I saw a answer in a previous issue saying that convolutional layers with few channels or convolutional kernel size will not use a sparse implementation.
But I observed that many convolutional layers in my model with a relatively small number of channels picked sparse implementation, while many convolutional layers with a relatively larger number of channels did not pick sparse implementation.

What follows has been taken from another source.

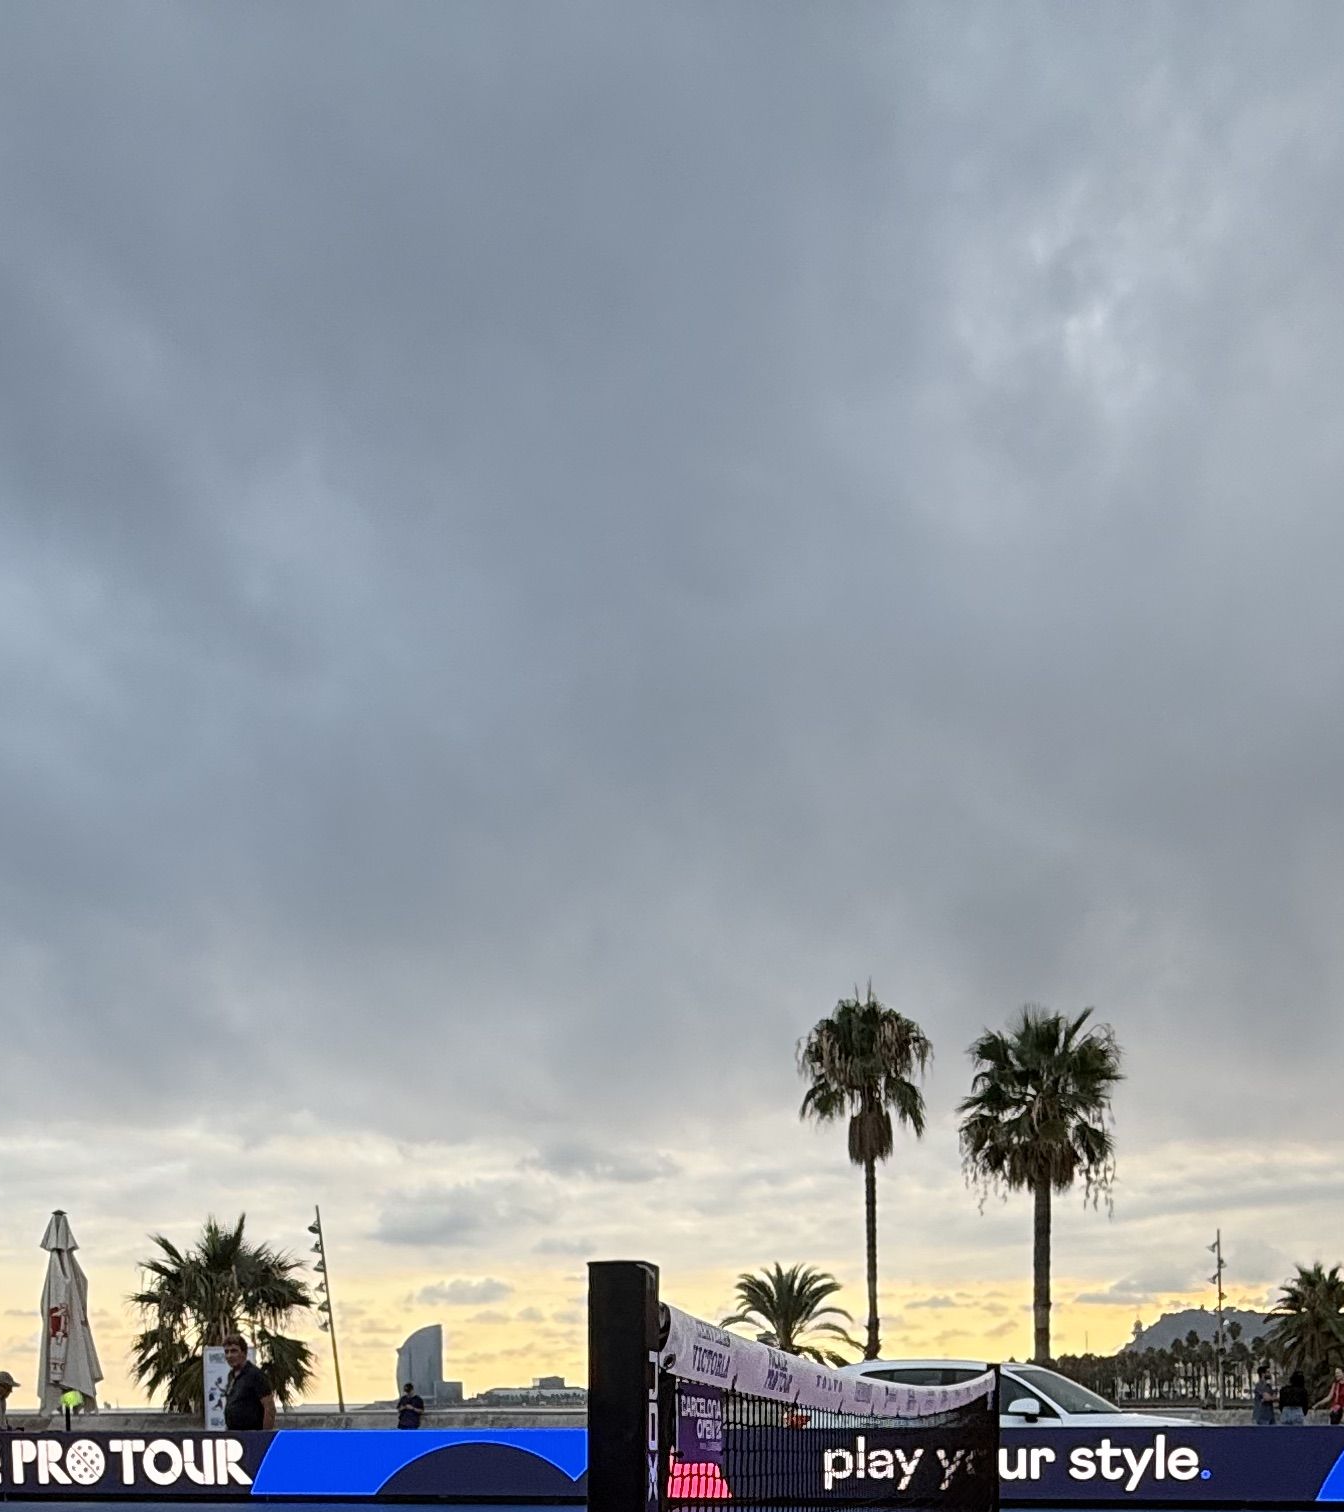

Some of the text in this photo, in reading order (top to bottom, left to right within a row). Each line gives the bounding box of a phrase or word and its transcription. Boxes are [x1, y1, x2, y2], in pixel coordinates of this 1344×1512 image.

[109, 1439, 254, 1486] TOUR
[823, 1434, 1212, 1492] play yur style.

For example, Conv_663 + Add_664 + Relu_665 that has Conv layer with
[288,288,1,1] shape is not picked sparse implementation, while Conv_276 + Add_277 + Relu_278 has that has Conv layer with [160,160,1,1] shape is picked sparse implementation.
So is there any other reason that affect whether or not picked sparse implementation?
Environment
TensorRT Version: 8.5.2.2
NVIDIA GPU:Orin
Operating System: Linux
Python Version (if applicable): 3.8.10
Steps To Reproduce
Commands or scripts:
./trtexec --onnx=sparse.onnx --saveEngine=sparse.trt --sparsity=enable --fp16 --verbose
During ASP training, many structured sparse layers that meet mathematical criteria will be generated, but in TRT, the specific implementation of searching will be based on the strategy with the least global time.
As you say, Conv_663 + Add_664 + Relu_665 eligible for sparse math, but not picked by TRT.
Conv_276 + Add_277 + Relu_278 eligible for sparse math, and picked by TRT.
Conv_663 + Add_664 + Relu_665 as a fusion layer, Conv layer with [288,288,1,1] shape,
Conv_276 + Add_277 + Relu_278 as a fusion layer, Conv layer with [160,160,1,1] shape,
- two convs in-out channel are different
- the input-output format of
Conv_663 + Add_664 + Relu_665vs input-output format ofConv_276 + Add_277 + Relu_278(not show in your desc)
Based on the above, trt will find tactics(both dense and sparse) and choose the Fastest Tactic, like
*************** Autotuning format combination: Half(256000,1000,50,1) -> Half(256000,1000,50,1) ***************
--------------- Timing Runner: /fpe/conv_reduce/Conv + /fpe/act1/Relu (CudnnConvolution)
Tactic: 0x0000000000000000 Time: 1.12616
Tactic: 0x0000000000000001 Time: 0.909769
Tactic: 0x0000000000000002 Time: 1.20569
Tactic: 0x0000000000000004 Time: 56.6324
Tactic: 0x0000000000000005 Time: 2.21428
Tactic: 0x0000000000000038 Time: 1.12753
Tactic: 0x000000000000003a Time: 1.19835
Tactic: 0x000000000000003c Time: 56.6038
Tactic: 0x000000000000003d Time: 2.2058
Fastest Tactic: 0x0000000000000001 Time: 0.909769
Yes, I can see similar outputs in my logs:
[08/05/2024-11:55:04] [V] [TRT] *************** Autotuning format combination: Half(38400,480:2,30,1), Half(38400,480:2,30,1) -> Half(38400,480:2,30,1) ***************
[08/05/2024-11:55:04] [V] [TRT] --------------- Timing Runner: Conv_276 + Add_277 + Relu_278 (CublasConvolution)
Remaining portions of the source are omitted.